Analistler, bu nedenle Gazze’de, işgal altındaki Batı Şeria’da, Lübnan’da ve ötesinde, yeni bir seçimi kazanabileceğini hissettiği noktaya gelene kadar birden fazla ateşi yakmaya devam edeceğini söylüyor.

7 Ekim’de Hamas’ın İsrail’in güneyine düzenlediği saldırılarda 1.139 kişi ölmüş, yaklaşık 240 kişi de esir alınmıştı. Yaklaşık 90 esir hala Gazze’de tutuluyor ve çoğunun hayatta olduğuna inanılıyor.

İsrail’de kamuoyu ekim ayından bu yana inişli çıkışlı bir seyir izliyor.

Temmuz ayında yapılan bir ankete göre İsraillilerin yüzde 72’si Netanyahu’nun derhal istifa etmesini istiyordu.

Ancak geçen hafta yapılan bir başka anket Netanyahu’ya verilen desteğin en büyük rakibi Benny Gantz’ın yüzde 1 puan gerisinde olduğunu gösterdi.

Ancak Netanyahu için bu kazanç, Gazze’de altı İsrailli esirin cesedinin bulunduğu ve binlerce İsraillinin hükümeti protesto etmek için sokaklara döküldüğü pazar gününden önceydi.

“İsrail toplumu çok parçalı ve farklı taraflardan gelen bir öfke var. … Belki de Netanyahu, dışarıdan varoluşsal bir tehdit olduğu sürece ülke içindeki kargaşanın bu baskıyla bir arada tutulabileceğine inanıyor,” diyor Ortadoğu Küresel İlişkiler Konseyi üyesi Omar Rahman Al Jazeera’ye.

Ve ekliyor: “Bu baskılar ve tehditler ortadan kalkar kalkmaz, bölünmeler ve kenara çekilme çağrıları ve iç gerilim yeniden yükselecektir.”

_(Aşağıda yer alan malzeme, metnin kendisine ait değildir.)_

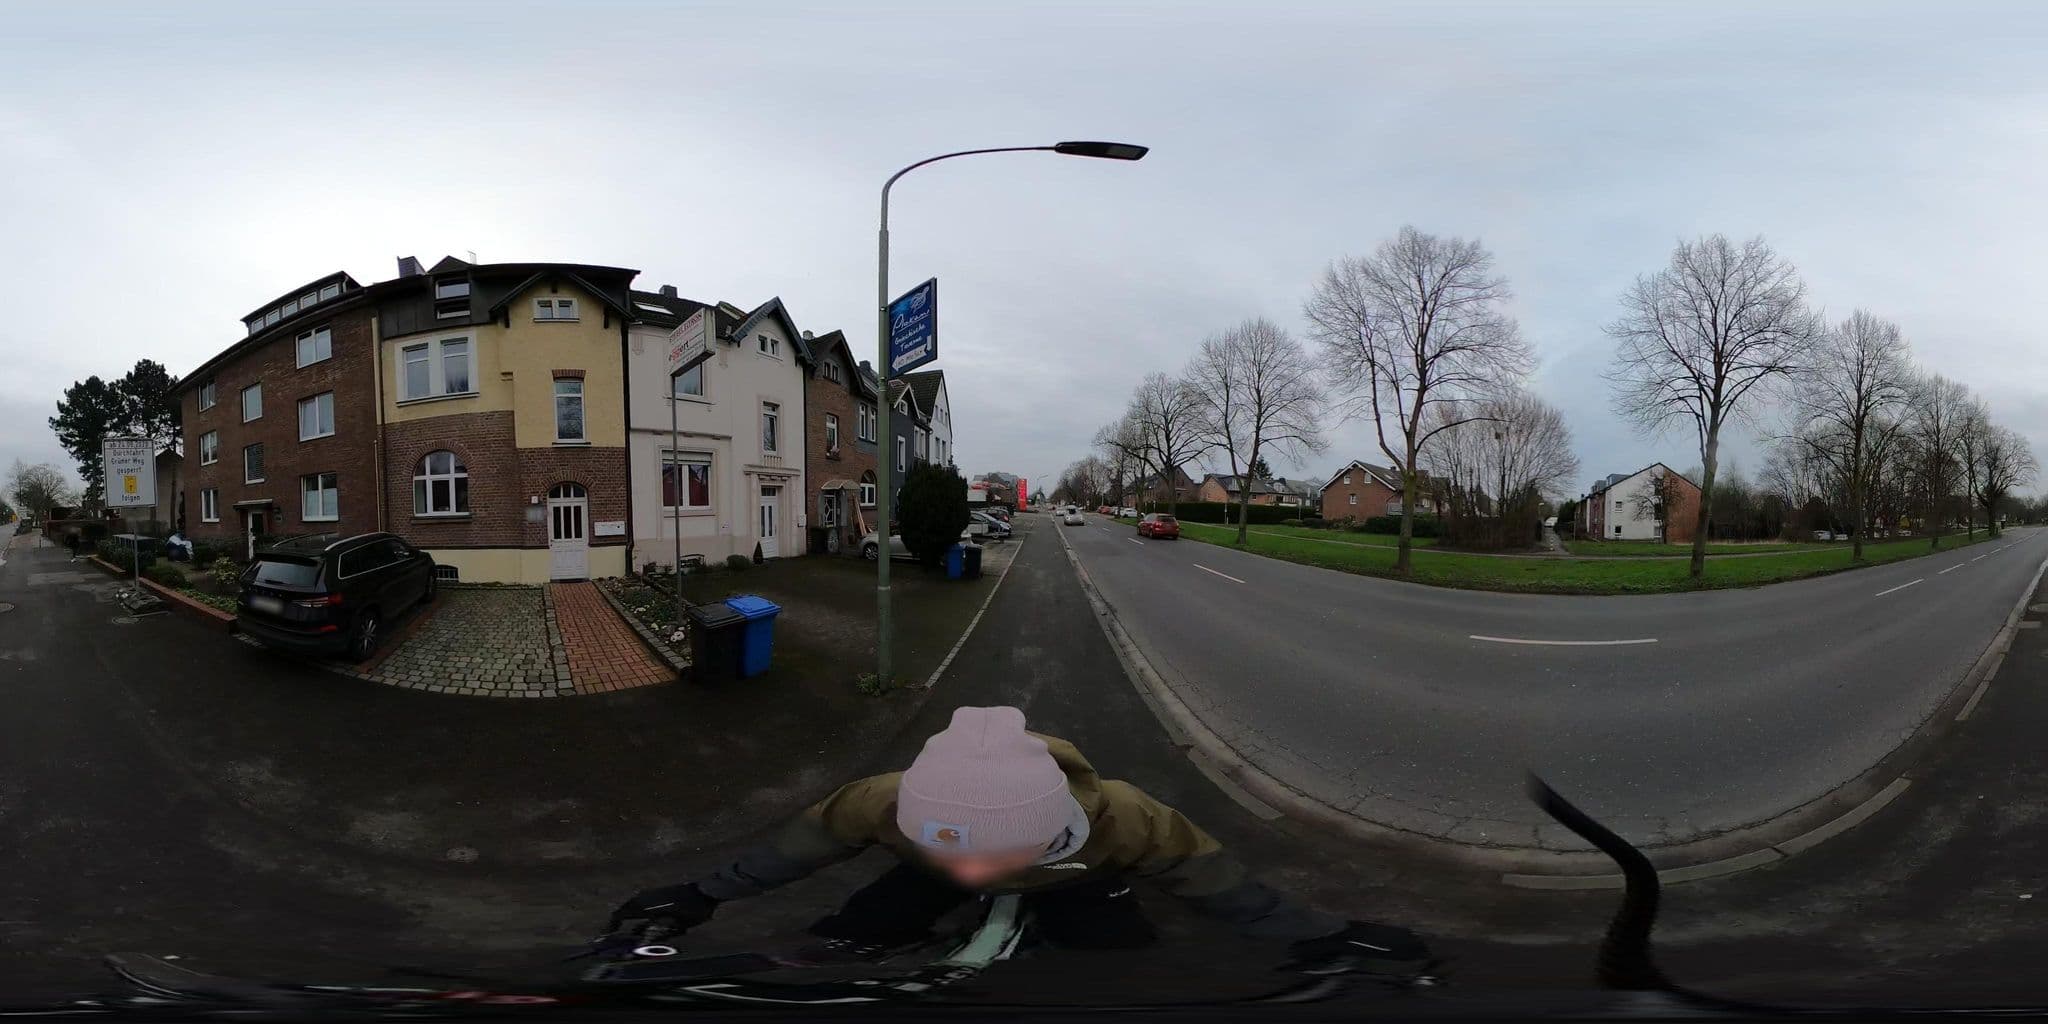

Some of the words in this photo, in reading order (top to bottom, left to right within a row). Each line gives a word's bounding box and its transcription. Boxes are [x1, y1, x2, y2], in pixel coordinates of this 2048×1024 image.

[132, 458, 145, 466] Weg
[116, 467, 142, 475] gesperrt
[121, 494, 141, 503] folgen

Netanyahu Camp David’i değiştirmeye mi çalışıyor?

Gazze’deki İsrail postalları Hamas için anlaşma bozucu olsa da Philadelphia Koridoru başka bir taraf için de anlaşma bozucu.

Ateşkes görüşmelerinde arabulucu olan Mısır, iki ülke arasındaki anlaşmaları ihlal edeceği gerekçesiyle İsrail’in koridorda askeri varlık göstermesine karşı çıkıyor.

Ayrıca iç meseleleri de var. Mısırlılar katı bir şekilde Filistin yanlısı. Birçoğu hükümetlerinin daha fazlasını yapmasını istiyor ve sınırda silahlı bir İsrail varlığından hoşnut olmayacaktır.

Ancak Mısır İsrail’le ilişkilerini normalleştiren birkaç Arap ülkesinden biri olduğu için ne iç baskılar ne de İsrail’in Philadelphia talebini reddetmesi bu anlaşmaları sona erdirmekle tehdit etmesine neden oldu.

İki ülke 1979 yılında, dönemin Mısır Cumhurbaşkanı Enver Sedat ve İsrail Başbakanı Menahem Begin’i bir araya getiren Camp David Anlaşması’ndan bir yıl sonra barış anlaşması imzaladı.

İsrail ile bir Arap ülkesi arasındaki bu ilk barış anlaşması Mısır’ın ABD’den destek ve mali yardım almasını sağladı: Yılda 2.1 milyar dolar – 1.3 milyar dolar askeri yardım ve 815 milyon dolar ekonomik yardım. “Mısır’dan sesler yükseldi ama Camp David’den vazgeçmek istediğini sanmıyorum çünkü bu ABD ile olan bağına bağlı” diyor Lockman.

Ancak Mısır, İsrail’in Batı Şeria’daki eylemleri konusunda giderek daha fazla sesini yükseltiyor.

Mayıs ayında Güney Afrika’nın İsrail’e karşı Uluslararası Adalet Divanı’nda açtığı soykırım davasına katılan Mısır, İsrail’in Gazze nüfusunun yaklaşık yarısının yerinden edildiği güney Gazze vilayeti Refah’a saldırı düzenlememesi yönündeki uluslararası uyarıları görmezden geldiğini belirtti.

Salı günü Netanyahu’yu eleştirerek İsrail halkını yanlış yönlendirdiğini ve ateşkes müzakerelerini geciktirmek için bahaneler aradığını söyledi.

Netanyahu önceki gün Mısır’ı Philadelphia Koridoru’nun güvenliğini sağlamamakla, koridorun altına tüneller kazılmasına izin vermekle ve Hamas’a “oksijen” sağlamakla suçlamıştı.

Lockman, Mısır’ın “açıkça bundan mutsuz olduğunu ve bir tür anlaşma istediğini” söyledi ve Netanyahu aksi yönde ikna edilmediği sürece bunun “esasen kontrolleri dışında” olduğunu ekledi. Ancak mutsuz bir komşu ve iç ve uluslararası eleştiri ihtimali bile Netanyahu’yu Philadelphia talepleri konusunda şu ana kadar harekete geçirmedi.